There is a complete agreement when it is 1. In 
general, the ranges [0.81-1.00], [0.61-0.80], [0.41-
0.60], [0.21-0.40] and [0.00-0.20] correspond to 
full, practical, medium, low, and no agreement, 
respectively.  
Therefore, as Table 4 indicates, the results of the 
judging and the paraphrasing using the criterion by 
the three subjects showed that there was substantial 
agreement between subject A and C, and medium 
agreement between A and B, and B and C. 
These results indicate that the method based on 
the criterion, whether used by a single judge or by 
different judges(=subjects) for analysis and 
experiment, enables requests and non-requests to 
be distinguished. Therefore, we can conclude that 
using the criterion enables even untrained people 
to reproduce the extraction of requests. 
Sentences such as #2 and #3 below are 
examples of sentences that were agreed to be non-
paraphrasable.

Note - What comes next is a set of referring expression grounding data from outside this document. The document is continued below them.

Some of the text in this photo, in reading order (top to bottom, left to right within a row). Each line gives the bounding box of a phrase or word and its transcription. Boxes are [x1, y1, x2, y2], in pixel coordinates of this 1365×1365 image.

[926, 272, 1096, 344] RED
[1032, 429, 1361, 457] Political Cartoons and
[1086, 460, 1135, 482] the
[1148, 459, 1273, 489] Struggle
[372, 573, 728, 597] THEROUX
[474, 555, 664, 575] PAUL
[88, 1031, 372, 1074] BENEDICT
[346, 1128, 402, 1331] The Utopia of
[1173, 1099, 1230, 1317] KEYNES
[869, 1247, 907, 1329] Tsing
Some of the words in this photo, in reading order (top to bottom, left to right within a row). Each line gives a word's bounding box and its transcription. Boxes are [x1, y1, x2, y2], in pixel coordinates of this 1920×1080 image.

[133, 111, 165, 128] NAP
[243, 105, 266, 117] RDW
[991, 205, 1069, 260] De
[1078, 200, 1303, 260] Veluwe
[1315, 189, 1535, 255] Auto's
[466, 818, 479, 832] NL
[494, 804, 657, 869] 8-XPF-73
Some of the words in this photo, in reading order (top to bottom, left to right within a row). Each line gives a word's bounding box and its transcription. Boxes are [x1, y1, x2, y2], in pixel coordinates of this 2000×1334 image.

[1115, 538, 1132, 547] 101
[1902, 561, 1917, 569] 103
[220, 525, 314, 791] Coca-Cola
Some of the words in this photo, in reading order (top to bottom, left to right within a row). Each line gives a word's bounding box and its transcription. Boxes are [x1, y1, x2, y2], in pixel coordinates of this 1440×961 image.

These include expressions of 
intentions in which the current situation is accepted 
passively such as #2 ”しょうがない (I think that it cannot 
be helped),” or in which the current situation is 
actively accepted such as #3 ” 素晴らしい (are 
wonderful)”. Furthermore, #4 is a sentence that 
begins with a clear statement of reason “ 理由は
(the reason is).” This indicates that a motive for 
requests exists, and that a response formed by 
multiple sentences often composes request-motive 
adjacency in discourse structure.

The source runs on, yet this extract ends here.